Best Philosopher Ever

 

Who is the best philosopher that ever lived? I am going to argue that I am. This claim may be met with some incredulity: surely I don’t believe I’m a better philosopher than Plato or Aristotle or Descartes or Kant or Russell! Actually I am claiming that, but the claim is not as outrageous as it may sound, because many contemporary philosophers are superior to the great figures of the past. The reason for this is that I (and many others) have absorbed the teachings of these great thinkers: we have learned from the philosophers who went before. Later philosophers add to the teachings of earlier philosophers (and sometimes subtract from them). Descartes had access to Plato, but Plato didn’t have access to Descartes—so Descartes is greater.
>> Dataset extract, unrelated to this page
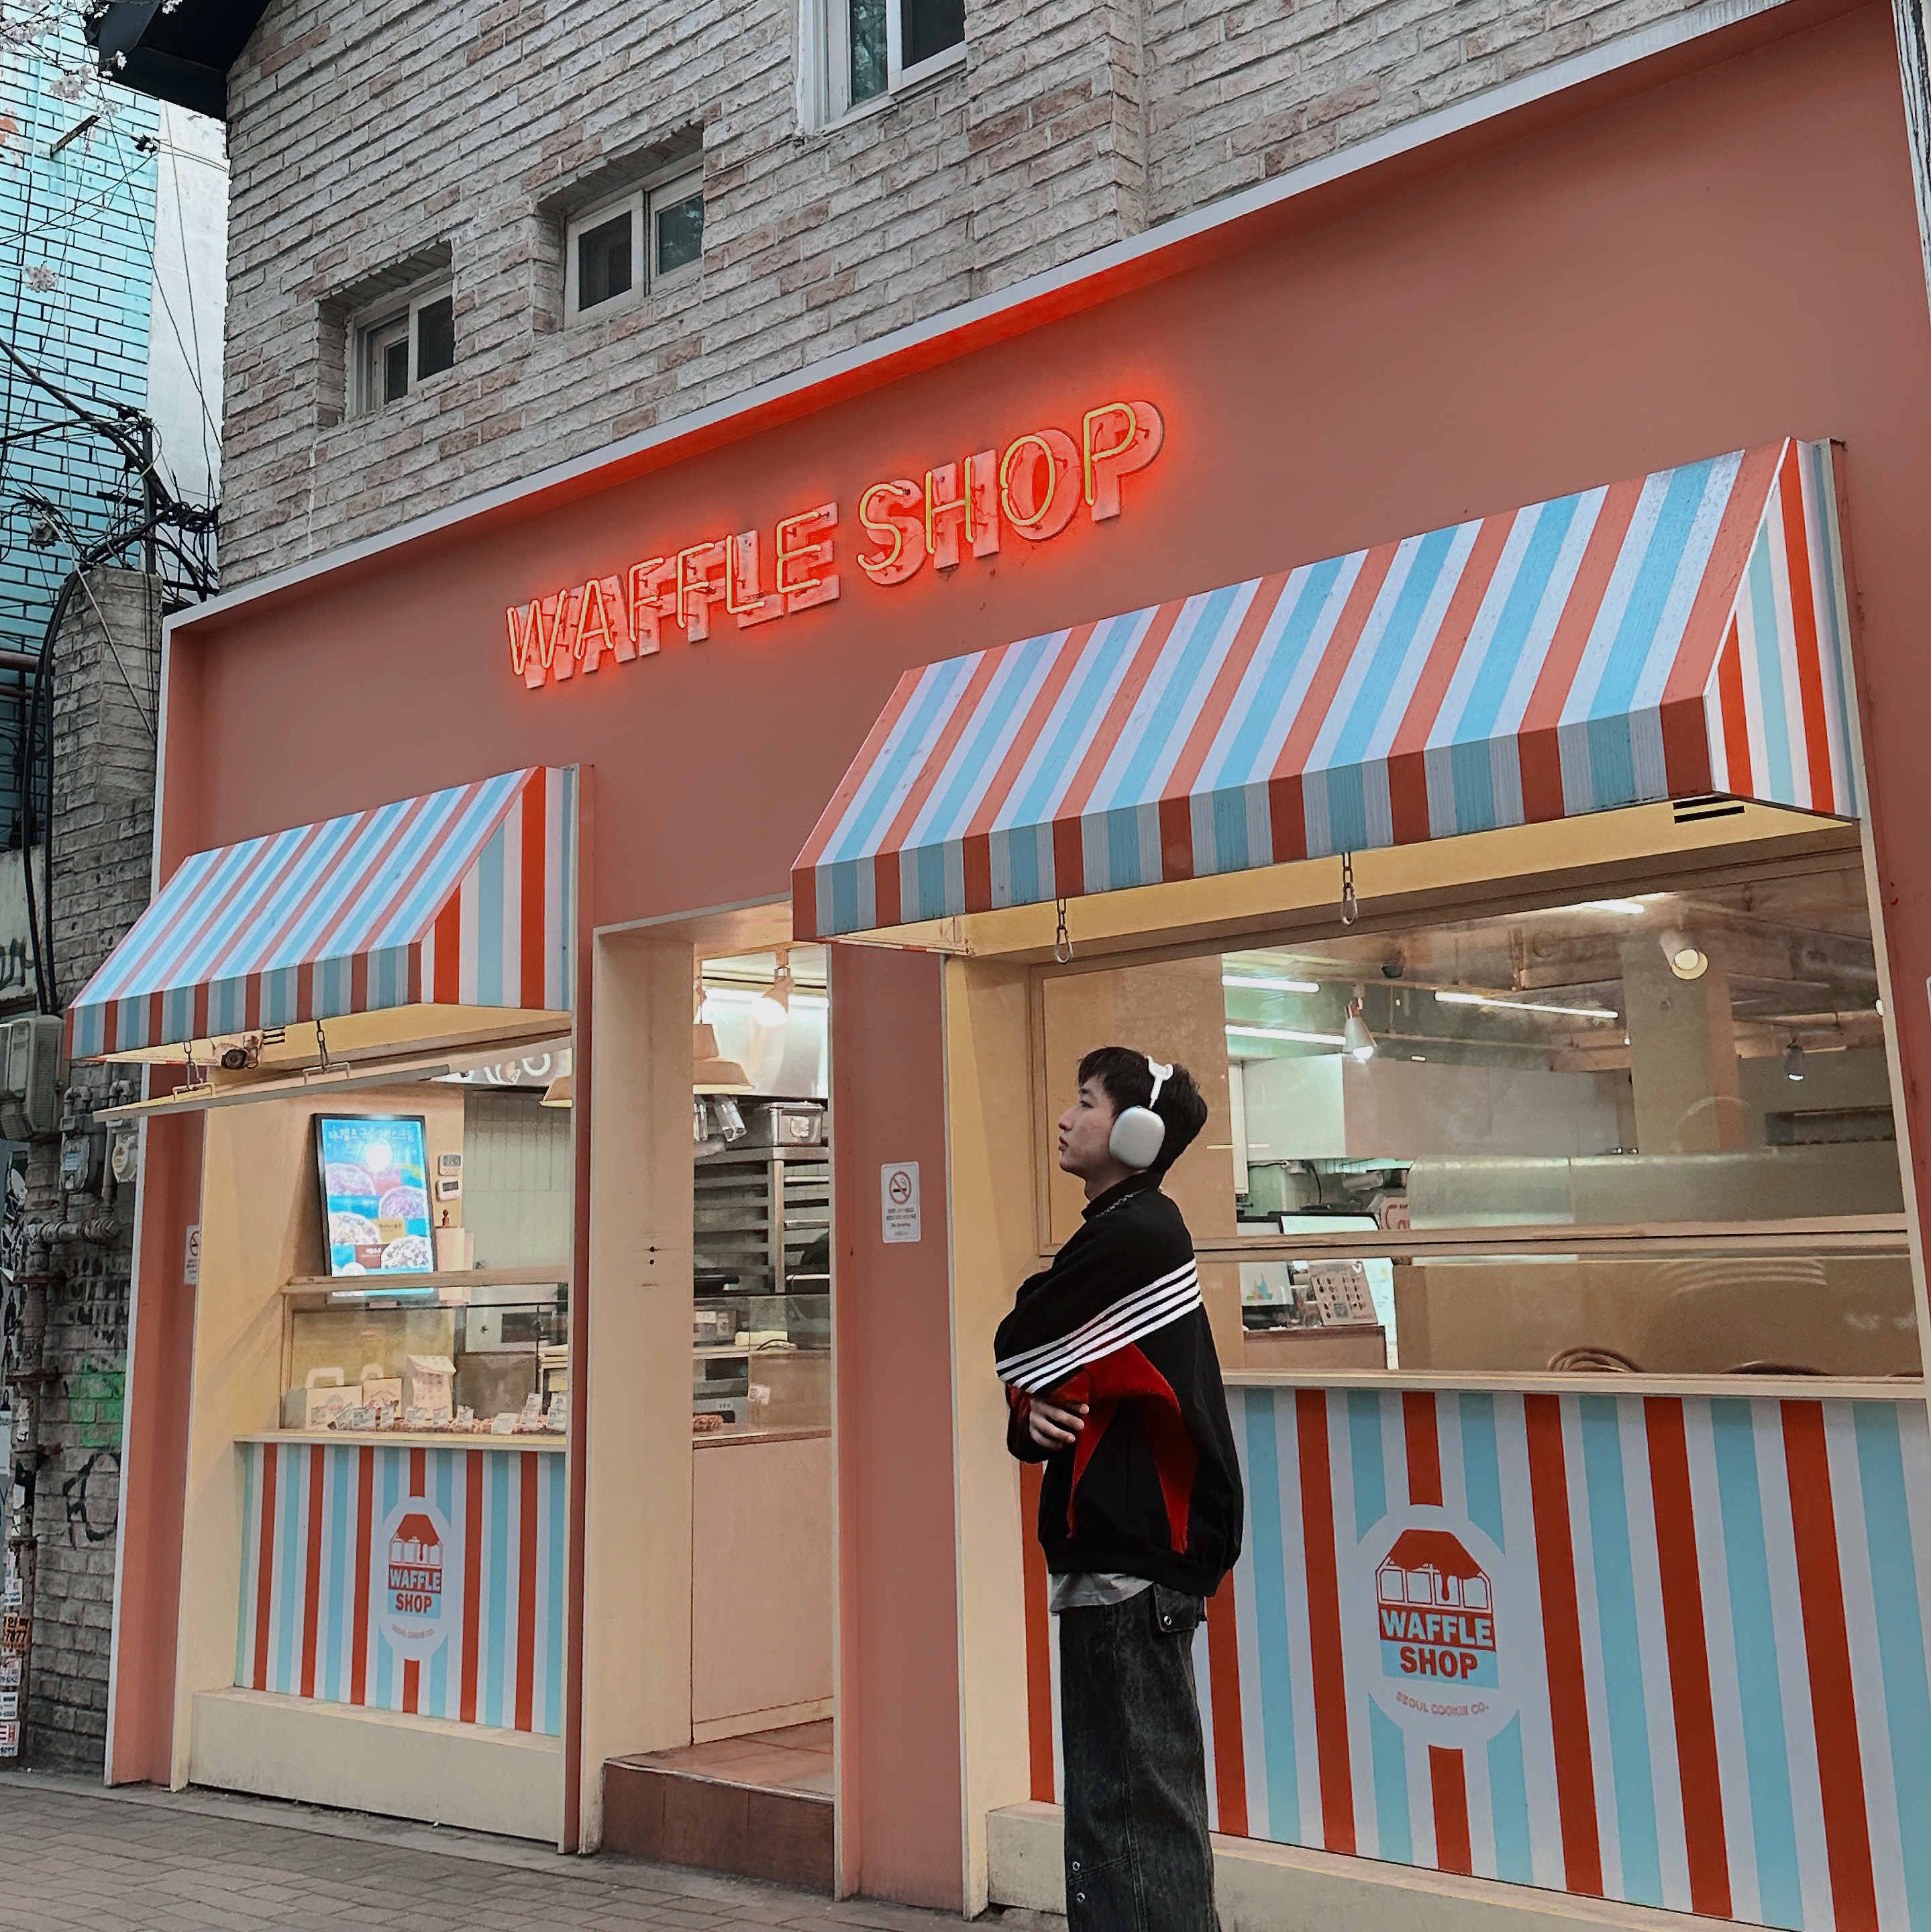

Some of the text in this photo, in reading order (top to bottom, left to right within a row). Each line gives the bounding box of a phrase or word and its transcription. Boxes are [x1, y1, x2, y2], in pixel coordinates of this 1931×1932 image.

The claim is not that Descartes is more original or creative than Plato; it is that he knew more, because of his knowledge of Plato and of later intellectual developments. Who is the greatest physicist of all time? Not Newton or Galileo, because they didn’t have access to later developments; in fact, most living physicists are superior to Newton, precisely because they are the beneficiaries of Newton and Einstein (et al). Not as original, to be sure, but better equipped, more knowledgeable. We may stand on the shoulders of giants and not ourselves be giants, but there is no disputing that we can see further than them—we are simply taller. Knowledge progresses. So we can ignore the question of whether any living or recently deceased philosopher is better than some great dead philosopher—which would be hard to decide anyway if we are intent on focusing on creativity. We can assume that many later philosophers are philosophically superior to those who came before—including me. The same is true for artists and novelists: they have absorbed the past and can go beyond it. Later practitioners are generally more accomplished than earlier ones, partly because of the earlier ones. Is Aristotle superior to Plato? Probably, but remember that he was taughtby Plato. Expertise is cumulative.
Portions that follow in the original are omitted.